Description of the task » Reproduce every entry exactly and leave its pictures out.

═════ Records for the task

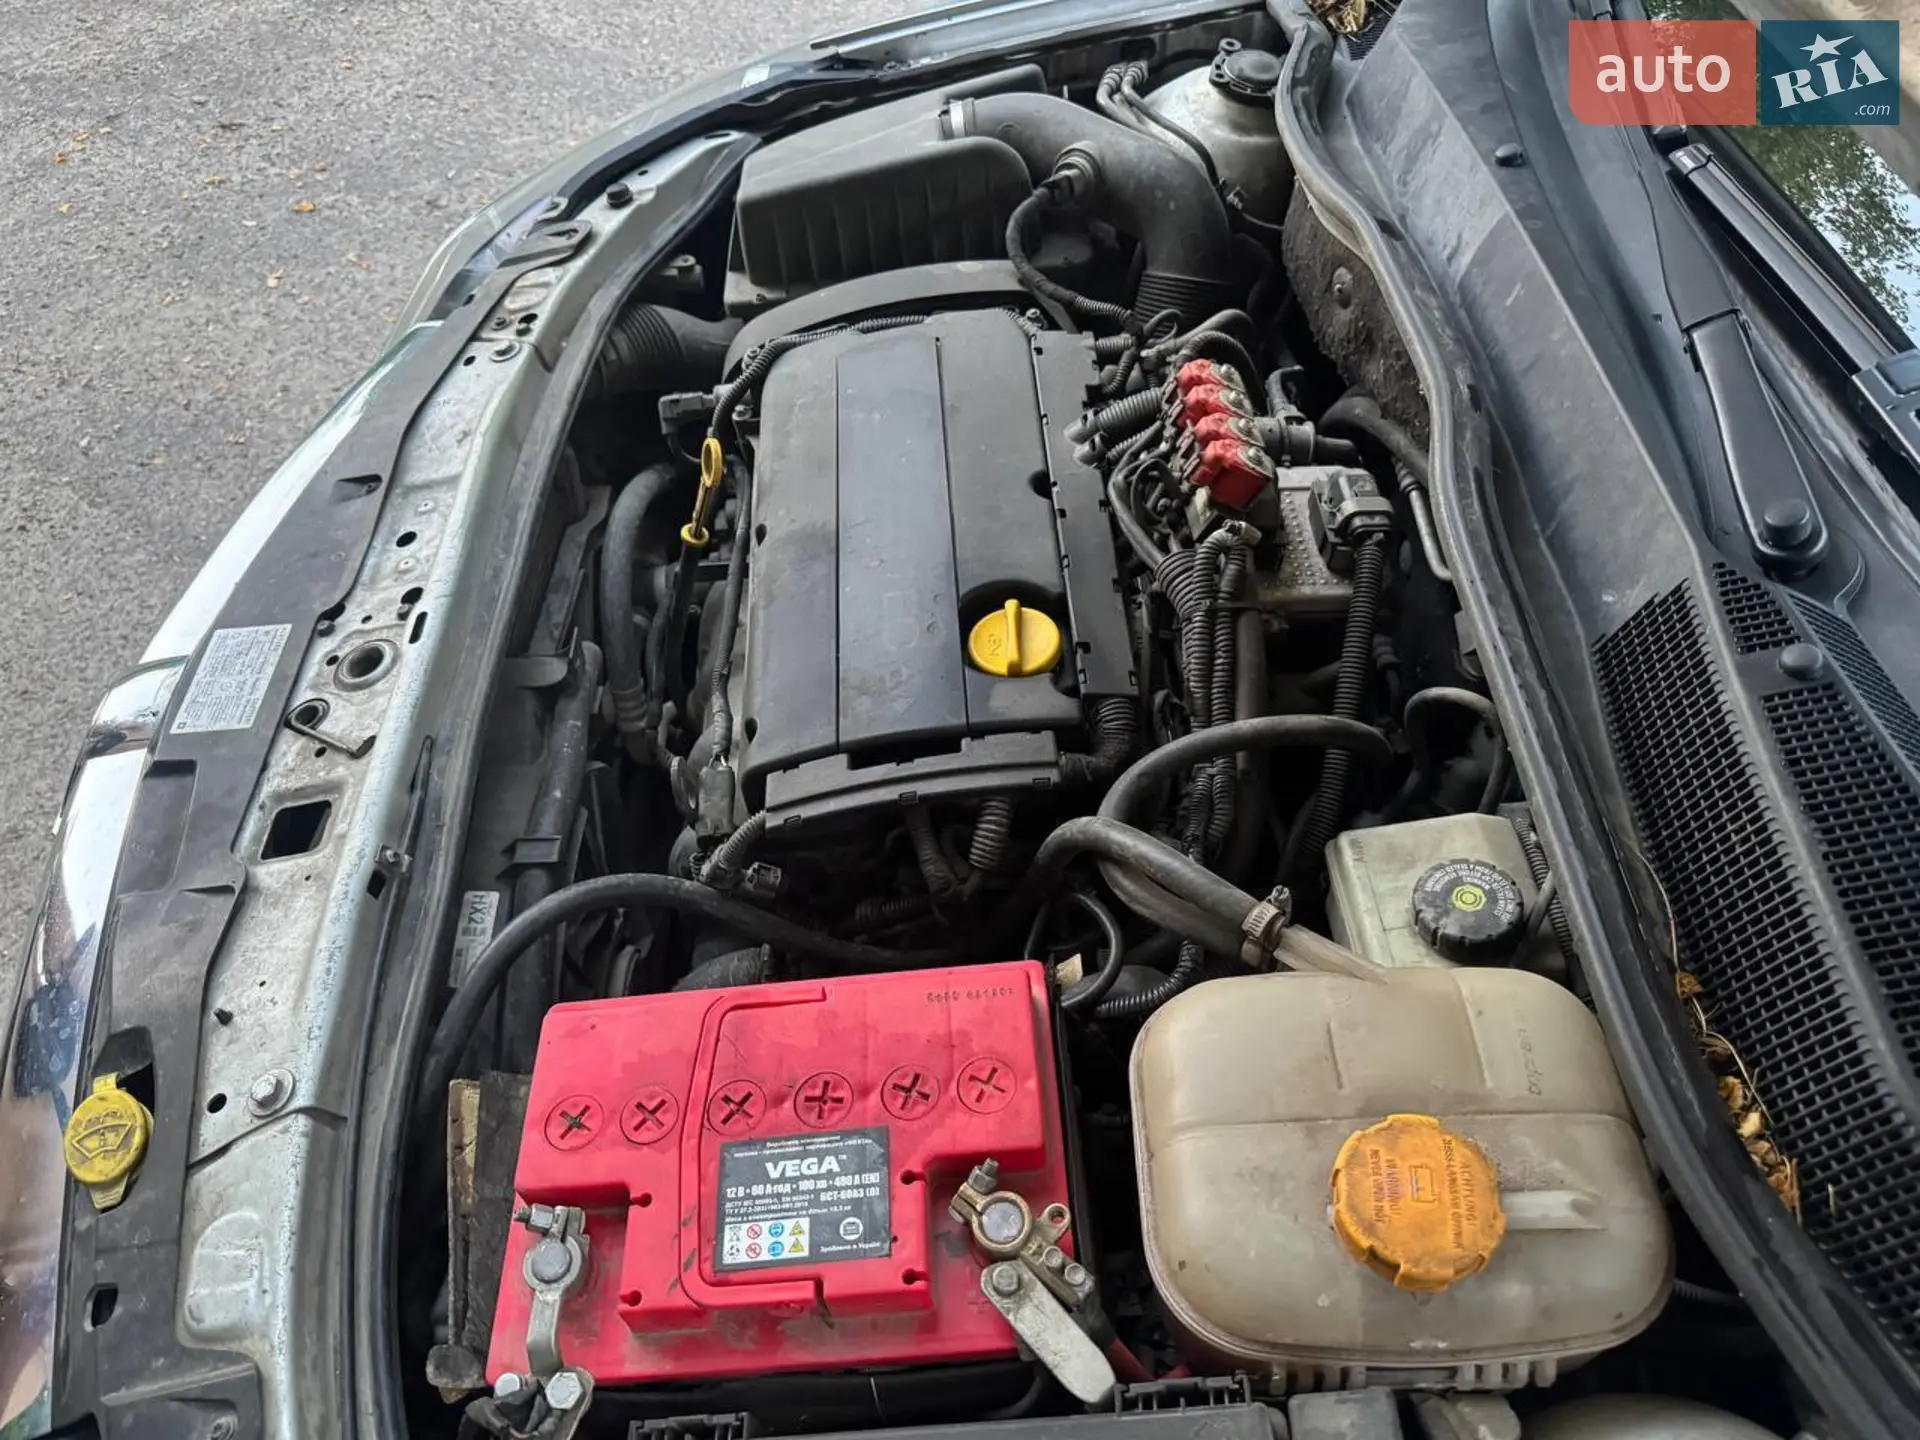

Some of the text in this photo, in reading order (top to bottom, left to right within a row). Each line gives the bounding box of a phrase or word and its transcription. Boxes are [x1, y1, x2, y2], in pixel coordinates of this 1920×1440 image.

[467, 894, 488, 925] HX2
[765, 1156, 840, 1179] VEGA
[726, 1187, 737, 1198] 12
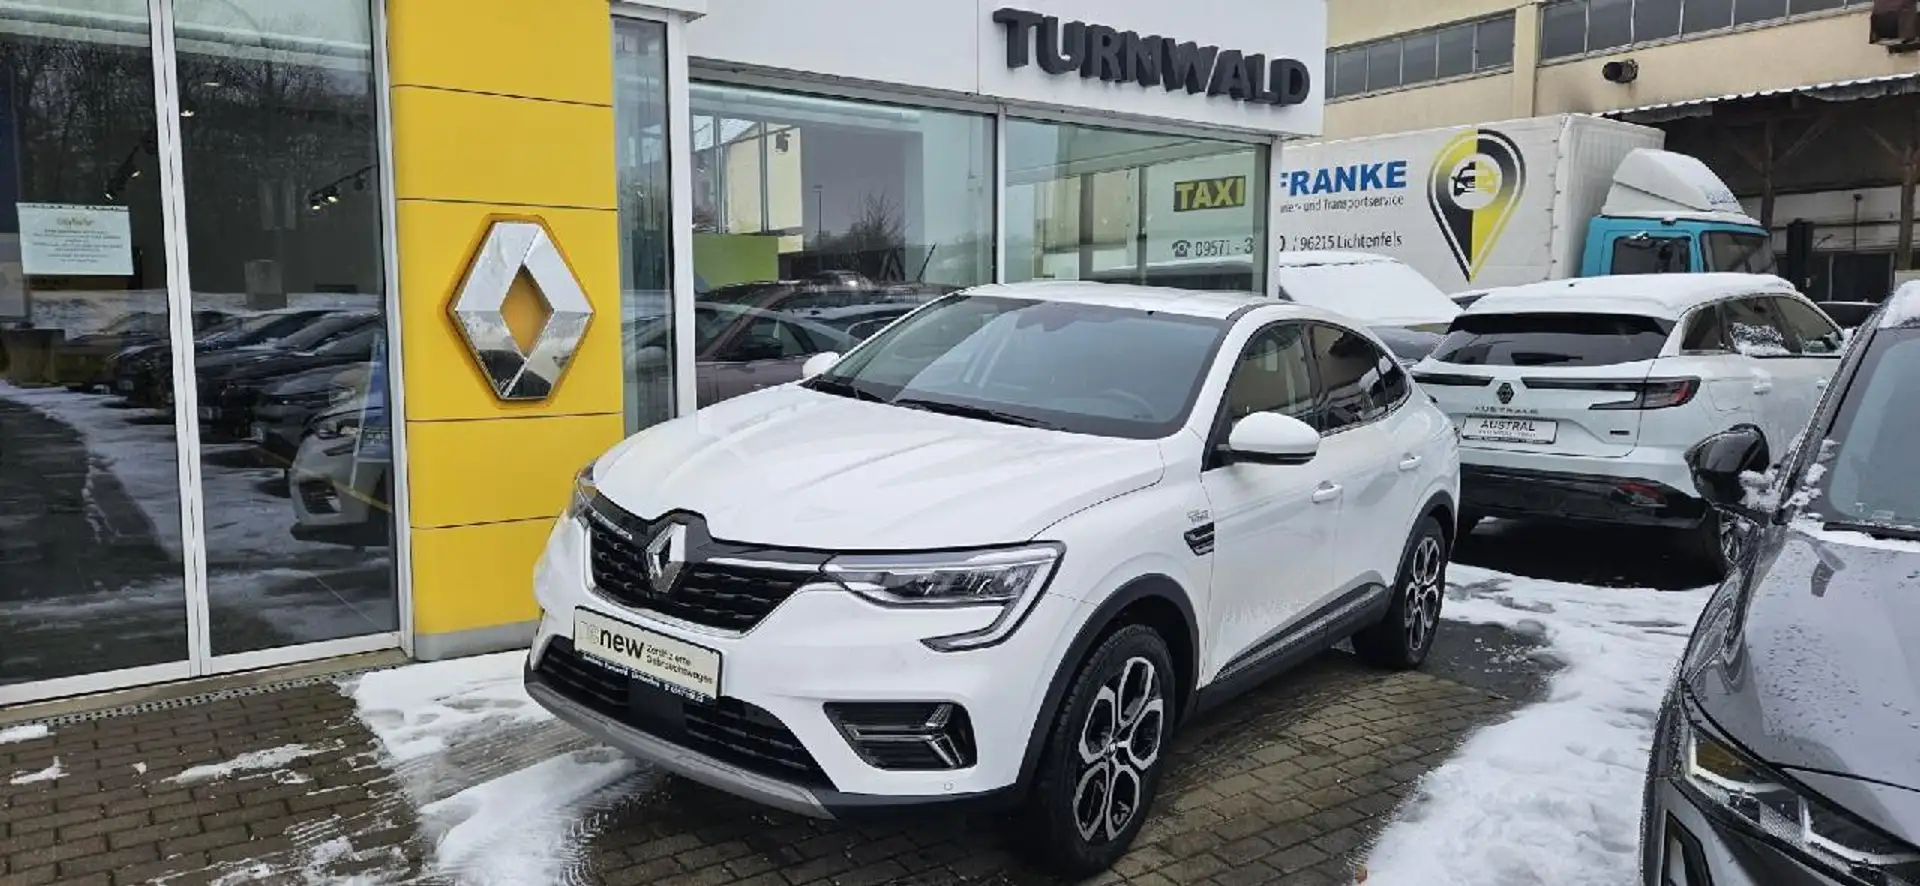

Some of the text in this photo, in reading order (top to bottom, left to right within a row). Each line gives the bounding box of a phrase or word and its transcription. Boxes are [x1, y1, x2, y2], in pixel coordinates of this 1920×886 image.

[993, 8, 1310, 106] TURNWALD
[1176, 178, 1244, 210] TAXI
[1304, 199, 1320, 212] und
[1324, 195, 1404, 210] Transportservice
[1195, 240, 1231, 257] 09571
[1300, 234, 1335, 251] 96215
[1337, 230, 1403, 249] Lichtenfels
[1480, 420, 1535, 432] AUSTRAL
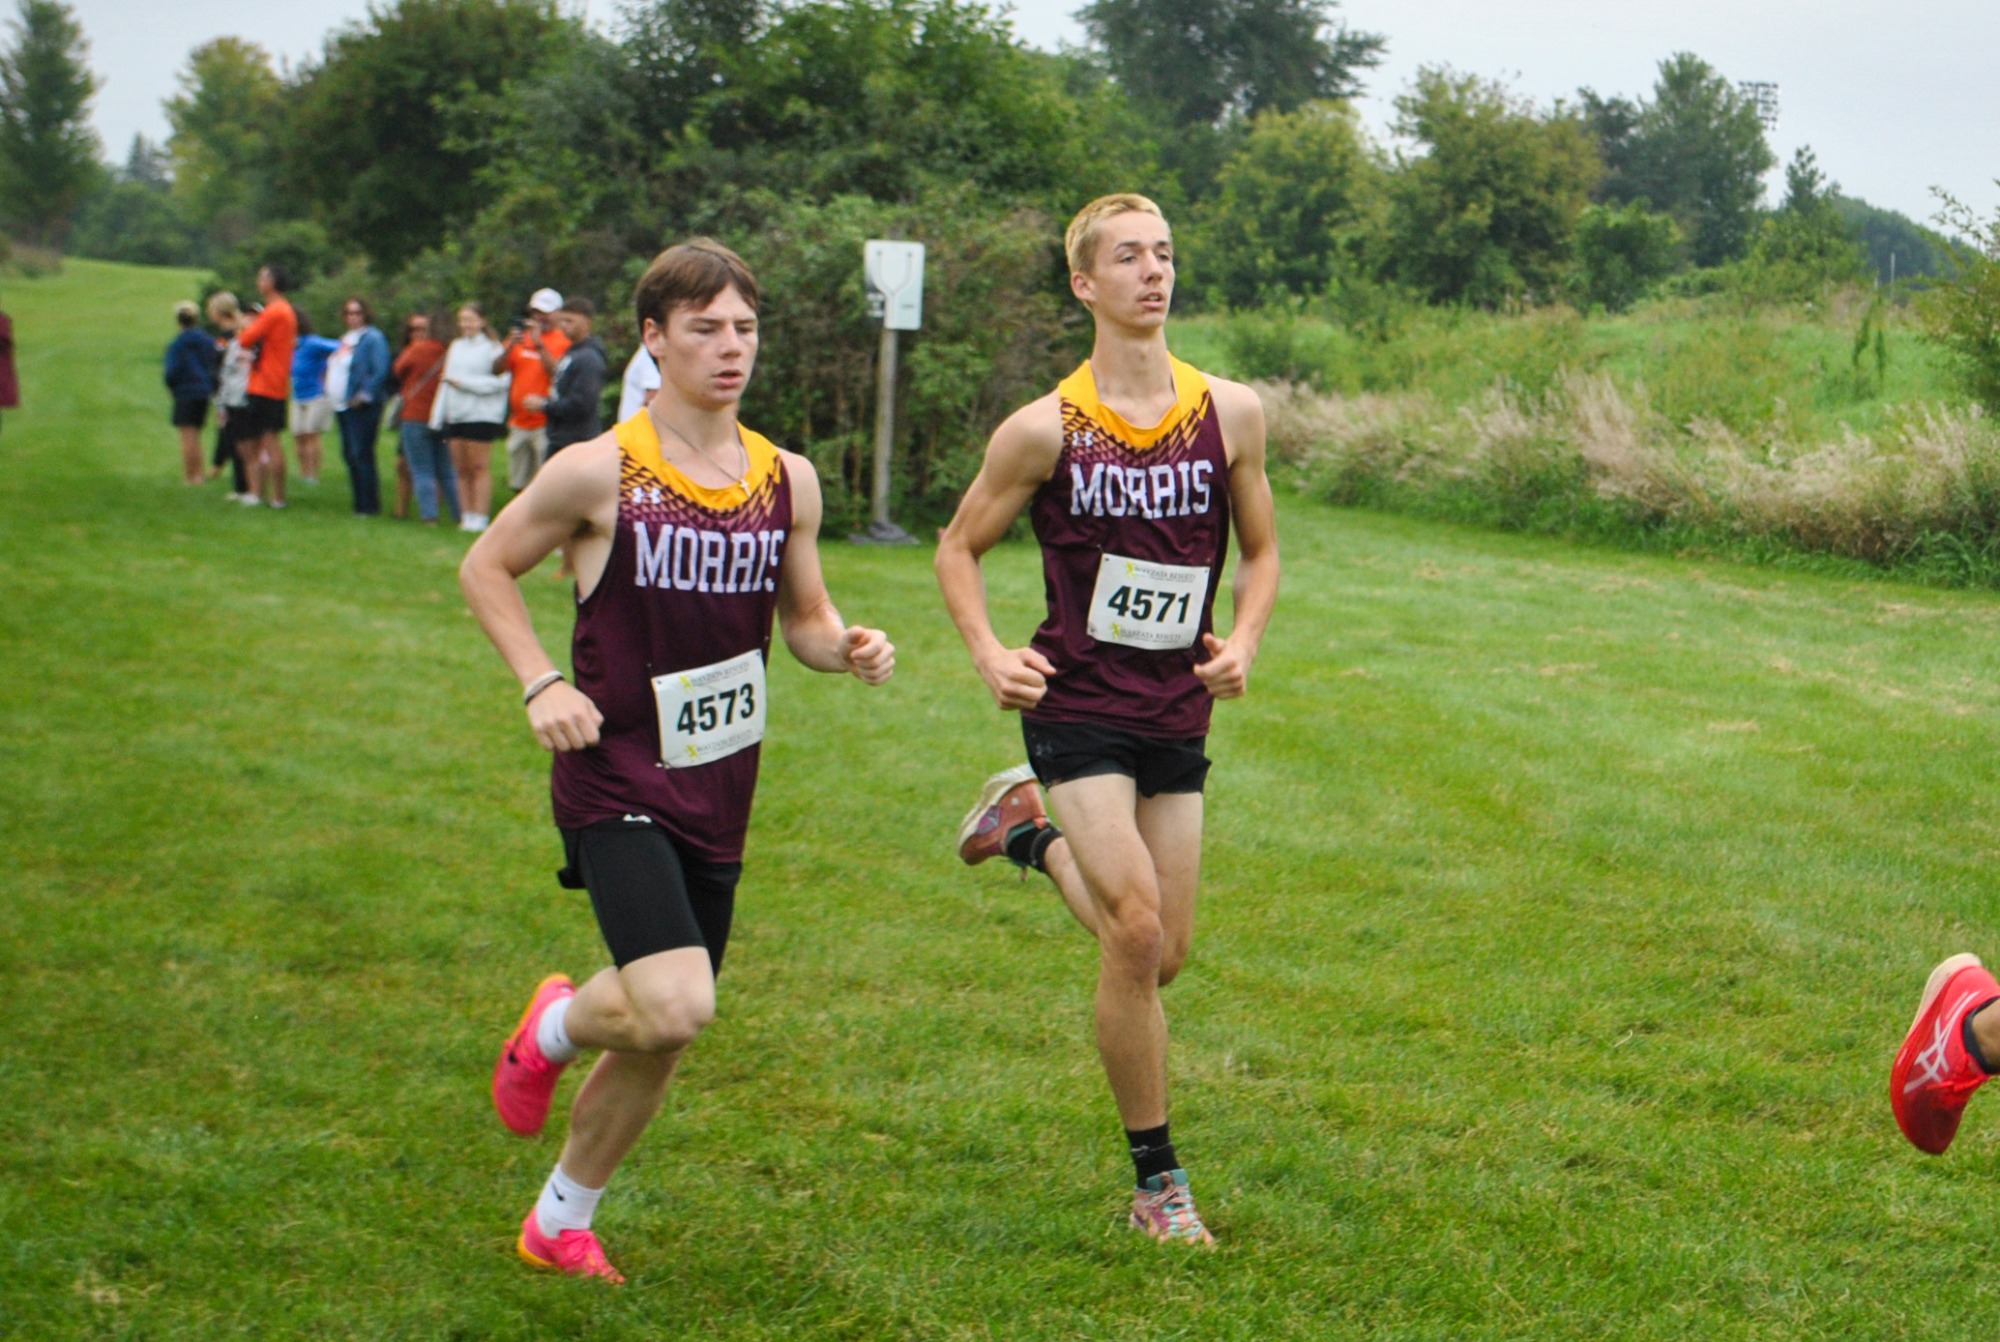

══════════

Completed task »
Some of the text in this photo, in reading order (top to bottom, left to right within a row). Each line gives the bounding box of a phrase or word and its transcription. Boxes are [x1, y1, x2, y2], in pixel coordinates of this 1920×1440 image.

[467, 894, 488, 925] HX2
[765, 1156, 840, 1179] VEGA
[726, 1187, 737, 1198] 12

Some of the text in this photo, in reading order (top to bottom, left to right within a row). Each line gives the bounding box of a phrase or word and its transcription. Boxes are [x1, y1, x2, y2], in pixel coordinates of this 1920×886 image.

[993, 8, 1310, 106] TURNWALD
[1176, 178, 1244, 210] TAXI
[1304, 199, 1320, 212] und
[1324, 195, 1404, 210] Transportservice
[1195, 240, 1231, 257] 09571
[1300, 234, 1335, 251] 96215
[1337, 230, 1403, 249] Lichtenfels
[1480, 420, 1535, 432] AUSTRAL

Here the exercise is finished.